[Exercise data Boundary: Start]

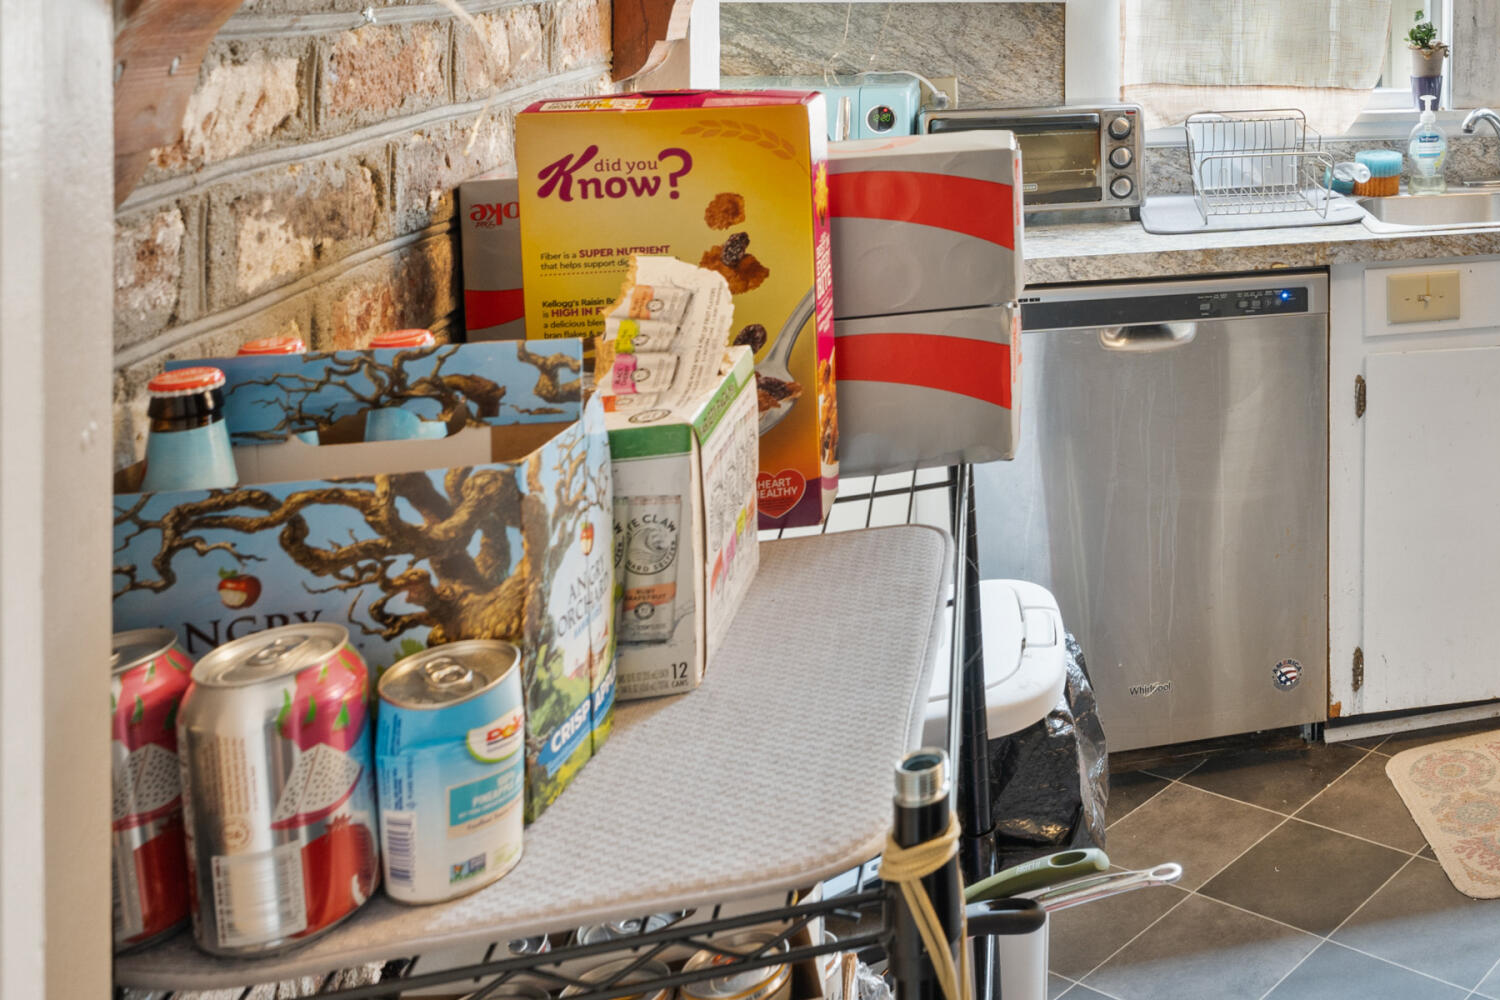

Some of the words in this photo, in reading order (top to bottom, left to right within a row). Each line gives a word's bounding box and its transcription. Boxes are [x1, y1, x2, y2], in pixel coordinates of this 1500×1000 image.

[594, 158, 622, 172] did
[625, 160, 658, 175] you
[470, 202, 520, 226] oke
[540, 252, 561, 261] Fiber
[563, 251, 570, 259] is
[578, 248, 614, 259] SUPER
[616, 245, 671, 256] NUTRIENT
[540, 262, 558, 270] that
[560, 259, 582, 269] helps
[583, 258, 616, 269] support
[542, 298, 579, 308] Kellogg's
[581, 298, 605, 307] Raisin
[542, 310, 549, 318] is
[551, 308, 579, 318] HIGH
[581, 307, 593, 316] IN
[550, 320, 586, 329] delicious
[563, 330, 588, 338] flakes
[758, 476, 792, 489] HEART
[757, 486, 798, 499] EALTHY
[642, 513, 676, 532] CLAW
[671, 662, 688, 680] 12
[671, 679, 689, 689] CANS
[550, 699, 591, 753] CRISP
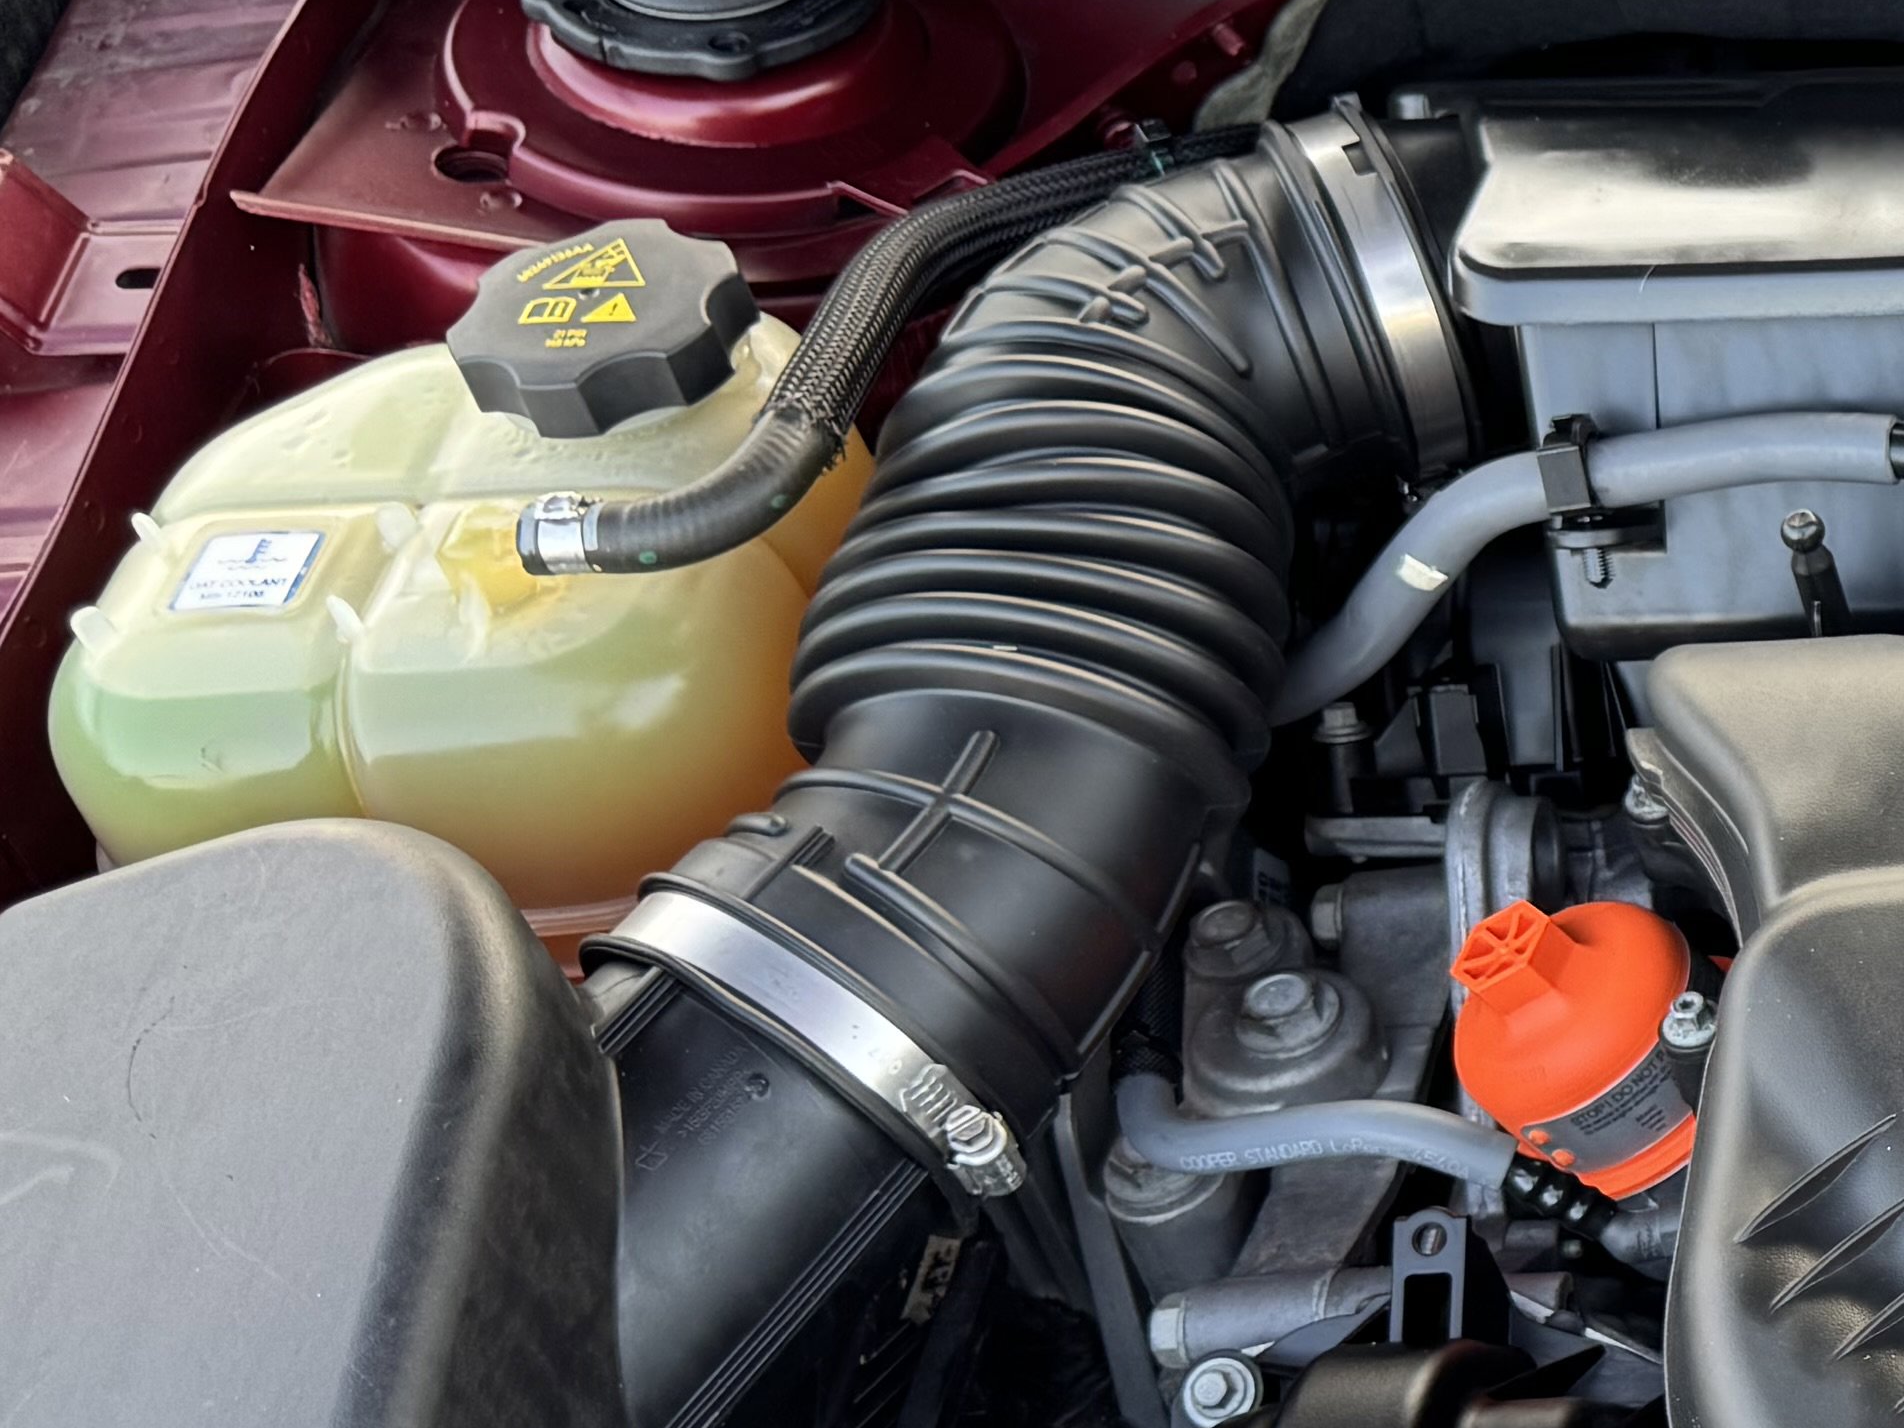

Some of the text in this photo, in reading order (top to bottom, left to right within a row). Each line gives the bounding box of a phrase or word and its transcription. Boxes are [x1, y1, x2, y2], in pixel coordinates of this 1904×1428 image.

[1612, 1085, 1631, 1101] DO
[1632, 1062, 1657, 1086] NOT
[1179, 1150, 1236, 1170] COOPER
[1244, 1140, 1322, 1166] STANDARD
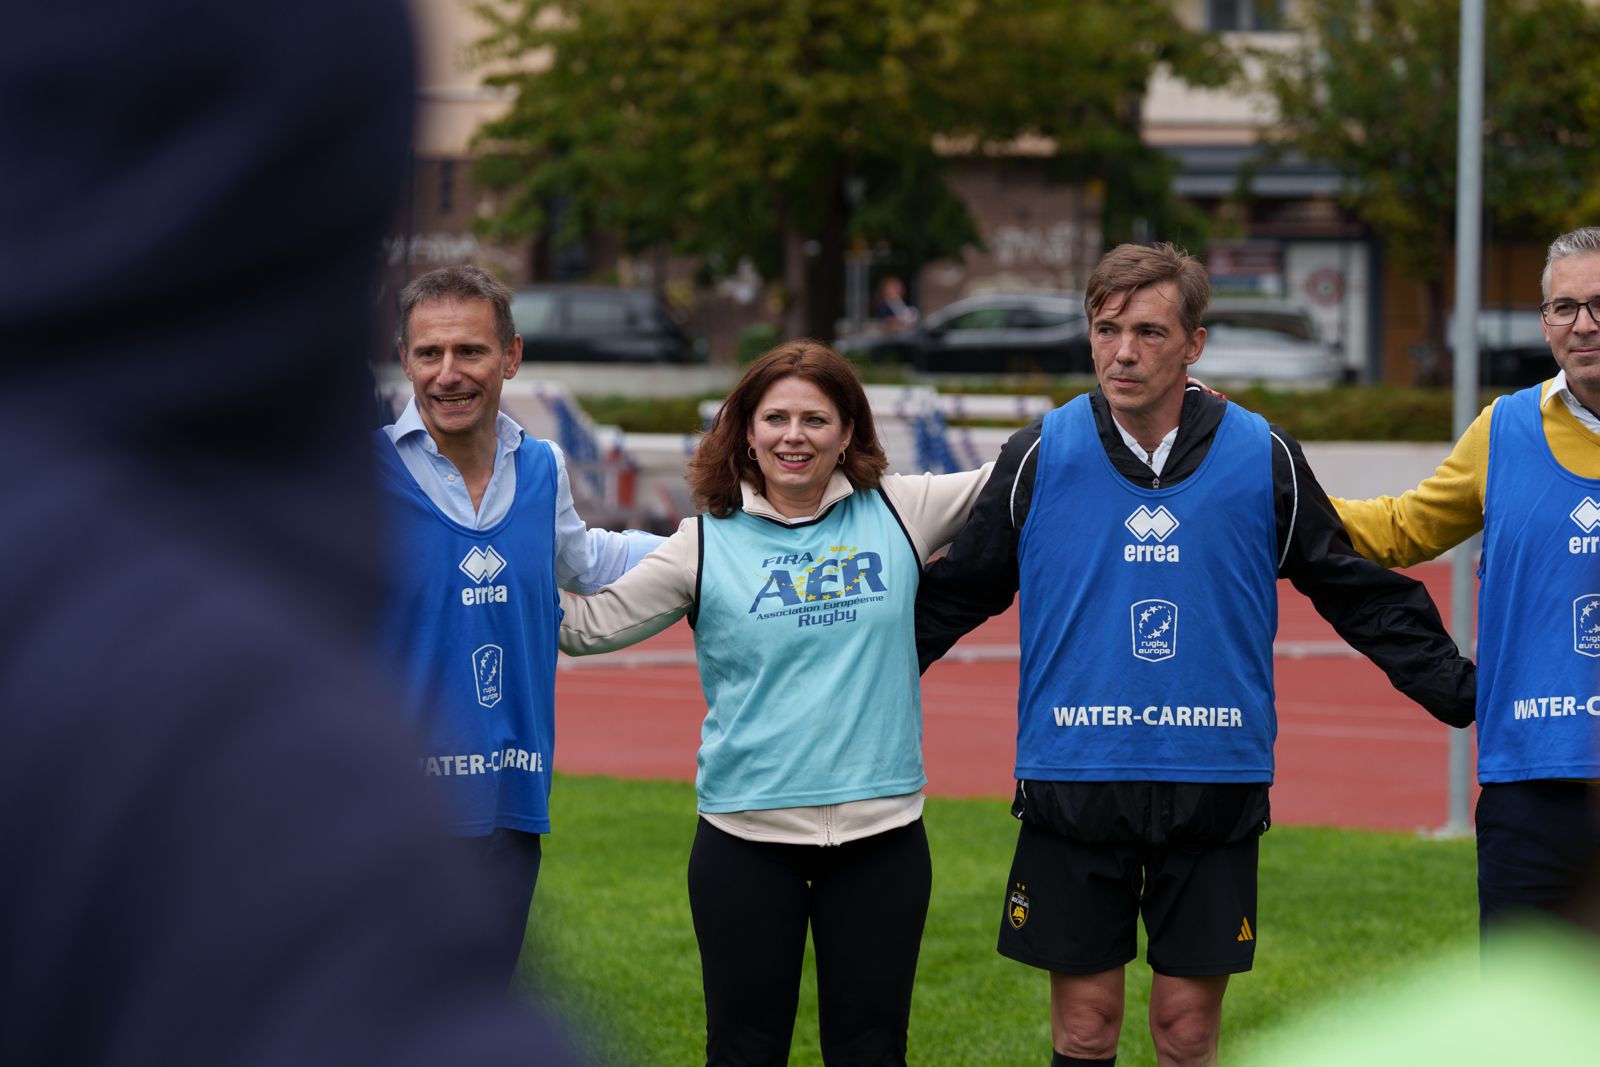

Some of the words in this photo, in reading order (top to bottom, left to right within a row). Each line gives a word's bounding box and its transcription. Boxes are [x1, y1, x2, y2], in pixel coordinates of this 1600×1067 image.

[Exercise data Boundary: End]

Line by line, print the records above exactly, skipping each picture.

--- Output below ---
Some of the words in this photo, in reading order (top to bottom, left to right within a row). Each line gives a word's bounding box and its transcription. Boxes are [x1, y1, x2, y2], in pixel coordinates of this 1500×1000 image.

[594, 158, 622, 172] did
[625, 160, 658, 175] you
[470, 202, 520, 226] oke
[540, 252, 561, 261] Fiber
[563, 251, 570, 259] is
[578, 248, 614, 259] SUPER
[616, 245, 671, 256] NUTRIENT
[540, 262, 558, 270] that
[560, 259, 582, 269] helps
[583, 258, 616, 269] support
[542, 298, 579, 308] Kellogg's
[581, 298, 605, 307] Raisin
[542, 310, 549, 318] is
[551, 308, 579, 318] HIGH
[581, 307, 593, 316] IN
[550, 320, 586, 329] delicious
[563, 330, 588, 338] flakes
[758, 476, 792, 489] HEART
[757, 486, 798, 499] EALTHY
[642, 513, 676, 532] CLAW
[671, 662, 688, 680] 12
[671, 679, 689, 689] CANS
[550, 699, 591, 753] CRISP

Some of the text in this photo, in reading order (top to bottom, left to right within a row). Each line gives the bounding box of a phrase or word and its transcription. Boxes are [x1, y1, x2, y2], in pixel coordinates of this 1904×1428 image.

[1612, 1085, 1631, 1101] DO
[1632, 1062, 1657, 1086] NOT
[1179, 1150, 1236, 1170] COOPER
[1244, 1140, 1322, 1166] STANDARD

Some of the words in this photo, in reading order (top to bottom, left to right within a row). Each line gives a word's bounding box and its transcription. Boxes are [x1, y1, x2, y2], in pixel coordinates of this 1600×1067 image.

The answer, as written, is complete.